-- About this exercise --
Can you print the data exactly and leave out each image?

-- Collected data --
********************
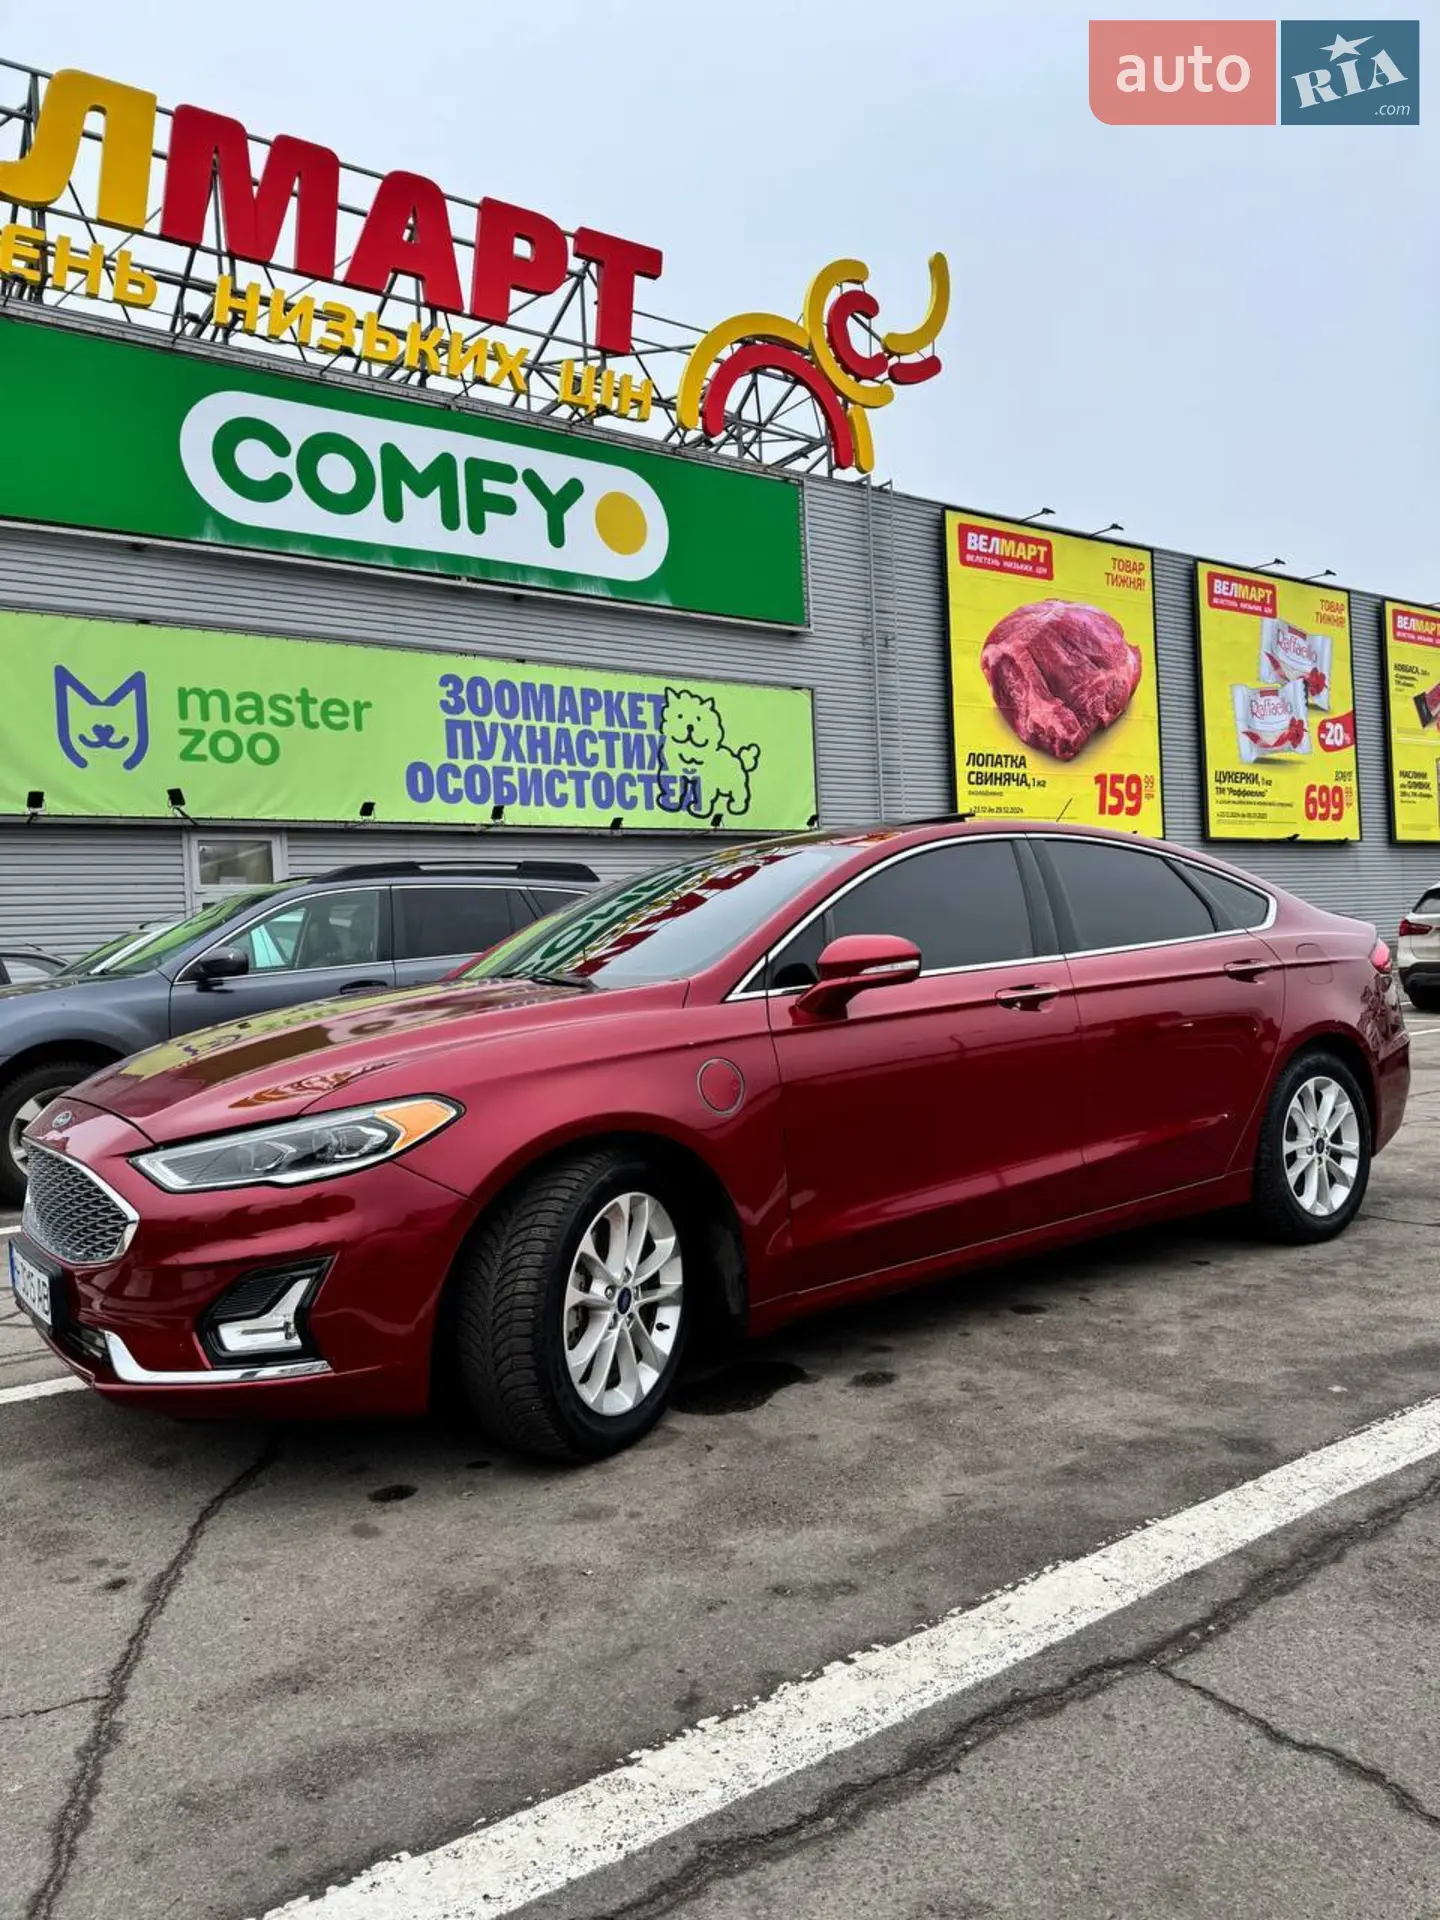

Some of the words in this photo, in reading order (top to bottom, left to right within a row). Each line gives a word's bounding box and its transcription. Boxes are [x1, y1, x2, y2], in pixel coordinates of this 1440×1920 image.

[213, 275, 530, 394] НИЗЬКИХ
[557, 360, 653, 422] ЦІН
[212, 416, 584, 549] COMFY
[967, 532, 1048, 563] ВЕЛМАРТ
[1111, 557, 1146, 575] ТОВАР
[1104, 572, 1146, 592] ТИЖНЯ!
[1213, 579, 1273, 604] ВЕЛМАРТ
[1320, 599, 1345, 614] ТОВАР
[178, 685, 373, 733] master
[438, 673, 667, 731] ЗООМАРКЕТ
[179, 727, 281, 767] zoo
[445, 718, 669, 771] ПУХНАСТИХ
[966, 752, 1027, 768] ЛОПАТКА
[405, 761, 702, 812] ОСОБИСТОСТЕЙ
[967, 771, 1031, 789] СВИНЯЧА,
[1031, 777, 1036, 787] 1
[1094, 772, 1142, 817] 159
[1304, 783, 1345, 822] 699
********************
-- Reply to the task --
Some of the words in this photo, in reading order (top to bottom, left to right within a row). Each line gives a word's bounding box and its transcription. Boxes are [x1, y1, x2, y2], in pixel coordinates of this 1440×1920 image.

[213, 275, 530, 394] НИЗЬКИХ
[557, 360, 653, 422] ЦІН
[212, 416, 584, 549] COMFY
[967, 532, 1048, 563] ВЕЛМАРТ
[1111, 557, 1146, 575] ТОВАР
[1104, 572, 1146, 592] ТИЖНЯ!
[1213, 579, 1273, 604] ВЕЛМАРТ
[1320, 599, 1345, 614] ТОВАР
[178, 685, 373, 733] master
[438, 673, 667, 731] ЗООМАРКЕТ
[179, 727, 281, 767] zoo
[445, 718, 669, 771] ПУХНАСТИХ
[966, 752, 1027, 768] ЛОПАТКА
[405, 761, 702, 812] ОСОБИСТОСТЕЙ
[967, 771, 1031, 789] СВИНЯЧА,
[1031, 777, 1036, 787] 1
[1094, 772, 1142, 817] 159
[1304, 783, 1345, 822] 699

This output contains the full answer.